Now a study in the American Educational Research Journal suggests one possibility: Grades might provide insight into not just academics, but a student’s perseverance and self-control.

College admissions officers already give more weight to high school grades than college placement tests, and a Chicago study found that as early as 9th grade, students’ grades predicted their odds of going to college—though they could not determine why.

Researchers led by Brian Galla, an assistant professor of psychology in education at the University of Pittsburgh, tracked data from more than 47,300 students who applied for college using an electronic common application in the 2009-10 school year. They looked at whether students had graduated with a degree within four years and compared the students’ high school grades and scores on the ACT, SAT, or both.

A little more than 39 percent of all students completed a degree in four years, but after controlling for students’ demographic characteristics (such as whether their parents had earned degrees), the researchers found that earning better grades in high school was associated with a higher likelihood of graduating college than performing better on college admissions tests.

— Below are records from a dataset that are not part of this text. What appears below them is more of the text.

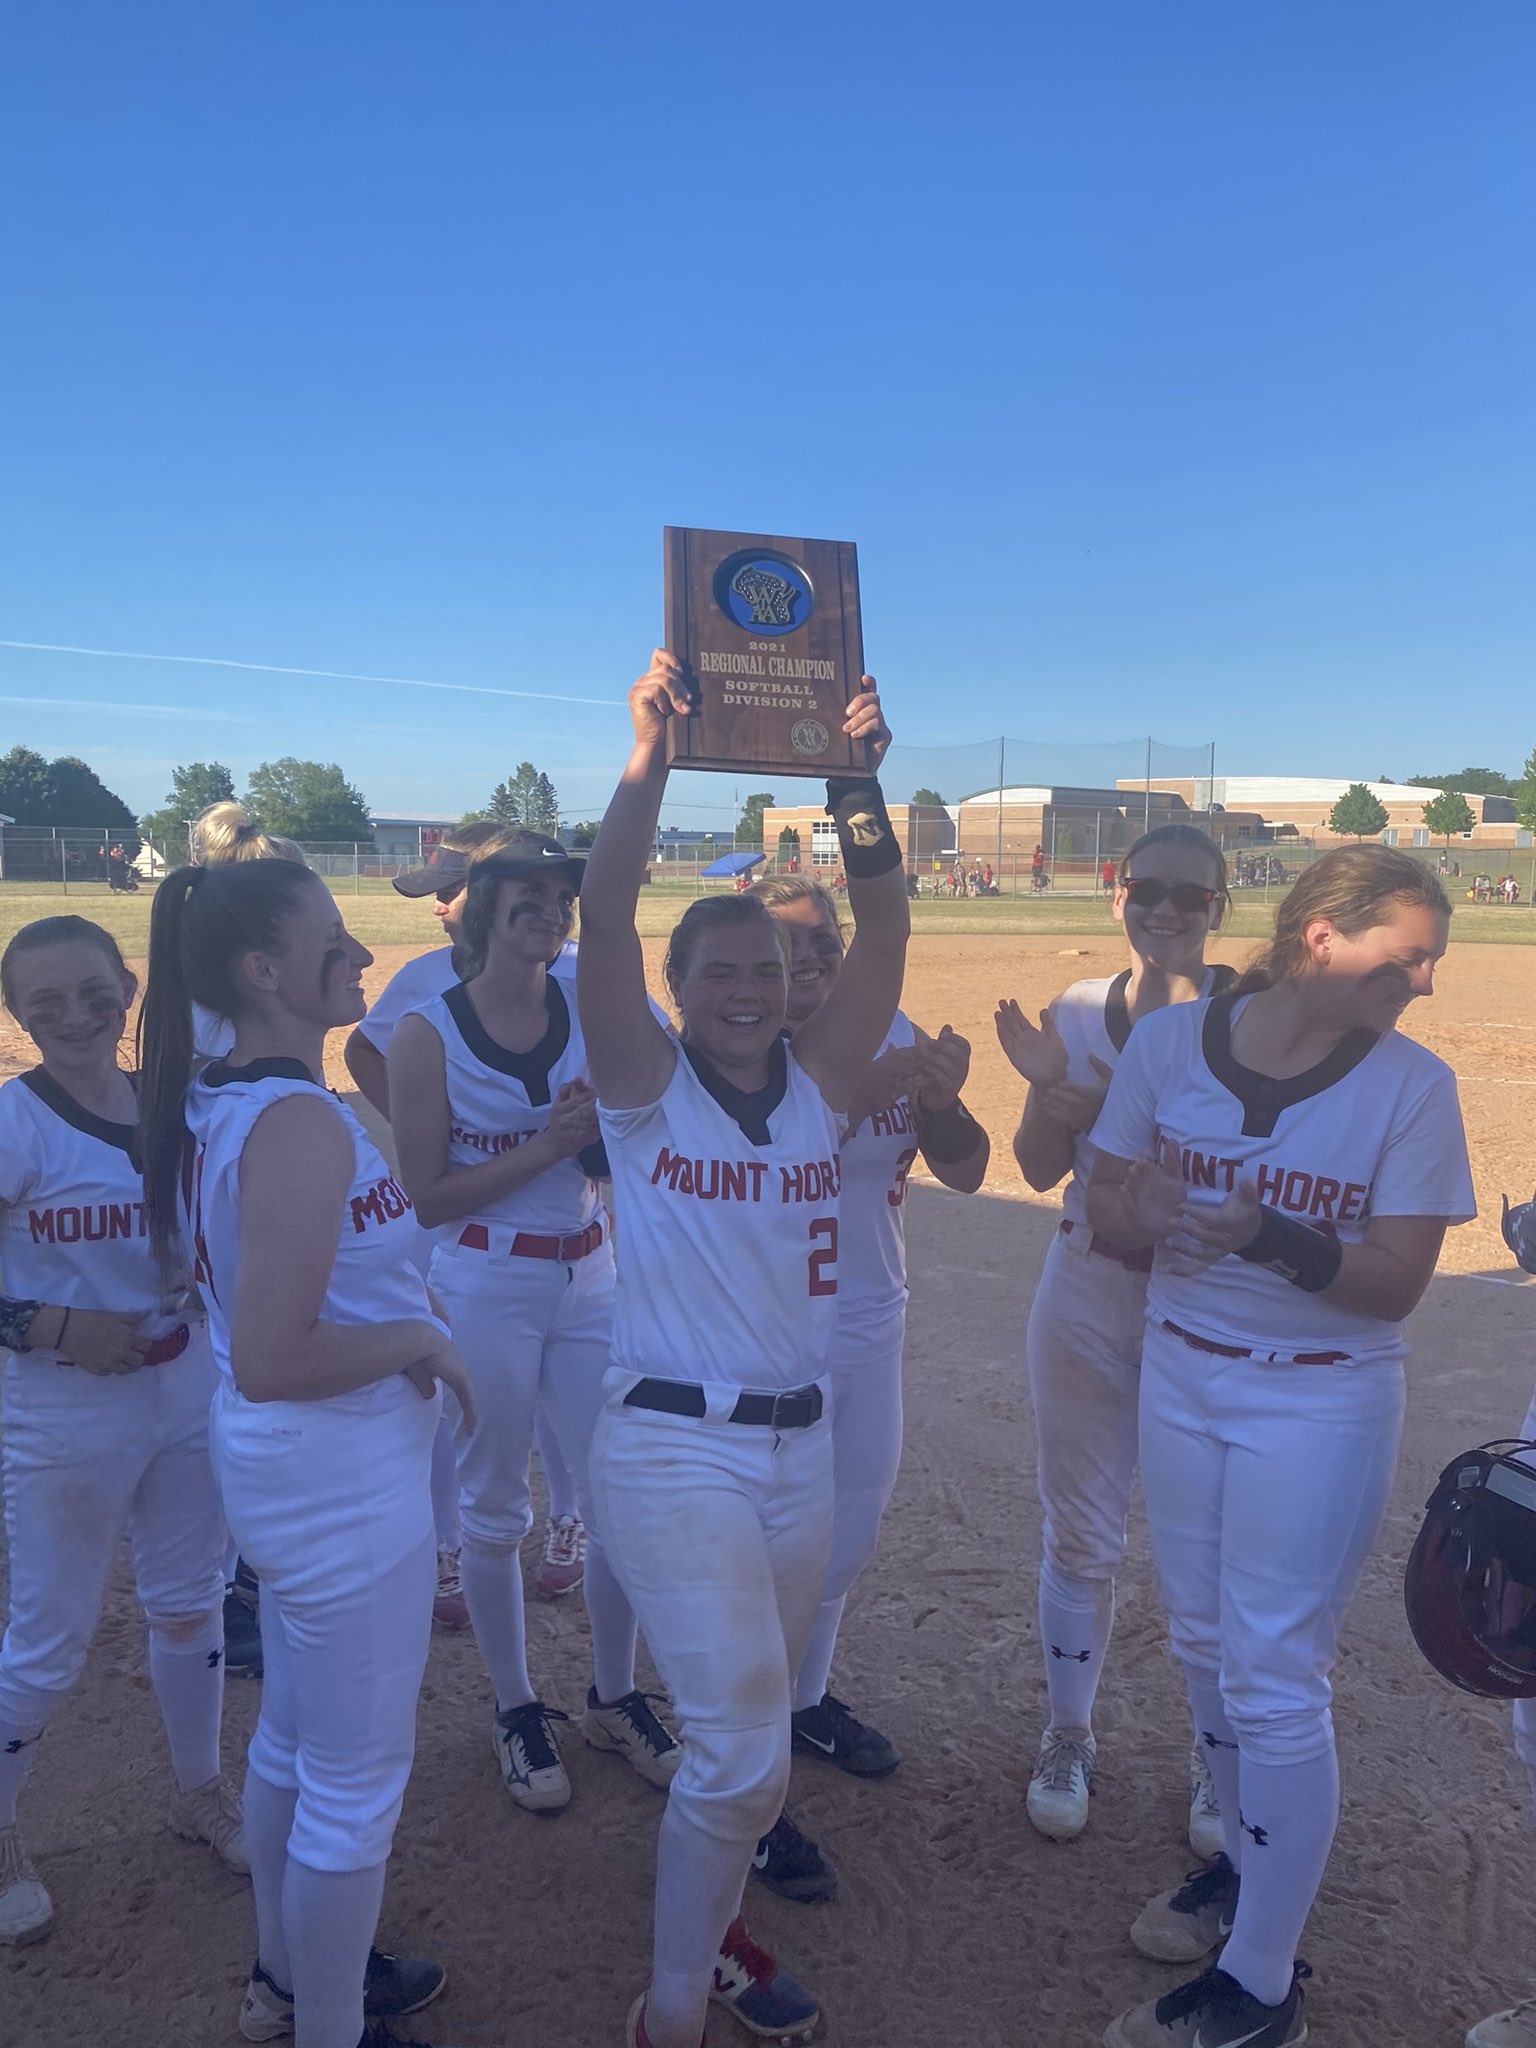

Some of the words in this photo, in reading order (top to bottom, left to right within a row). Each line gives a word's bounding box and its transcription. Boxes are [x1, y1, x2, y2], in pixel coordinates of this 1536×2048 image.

[749, 642, 786, 652] 2021
[700, 652, 766, 675] REGIONAL
[769, 657, 835, 680] CHAMPION
[723, 694, 802, 708] DIVISION
[808, 700, 818, 709] 2
[725, 680, 814, 695] SOFTBALL
[652, 1147, 769, 1202] MOUNT
[1258, 1164, 1372, 1221] HORE
[29, 1202, 148, 1244] MOUNT
[808, 1216, 839, 1297] 2

Then the researchers looked at a separate group of about 1,600 students of the Class of 2013 from four public schools. Over their senior year, these students did computer-based tests of both self-regulation and cognitive ability, and the researchers compared the results from these measures to the students’ grades, college admissions test scores, and ultimately college graduation rates.

The Class of 2013 students’ test scores were closely tied to their cognitive ability. But their grades were more strongly associated with measures of self-control and perseverance, such as their teachers’ ratings of the students’ self-control and how much they agreed with statements like, “I pay attention and resist distractions in class,” or “I can remain calm even when criticized or otherwise provoked.”

“In particular, the grades assigned to students by their high school teachers reveal quite a bit about their capacity to resist momentary temptations, regulate emotions, and sustain effort across days, months, and years in pursuit of important goals,” said the researchers.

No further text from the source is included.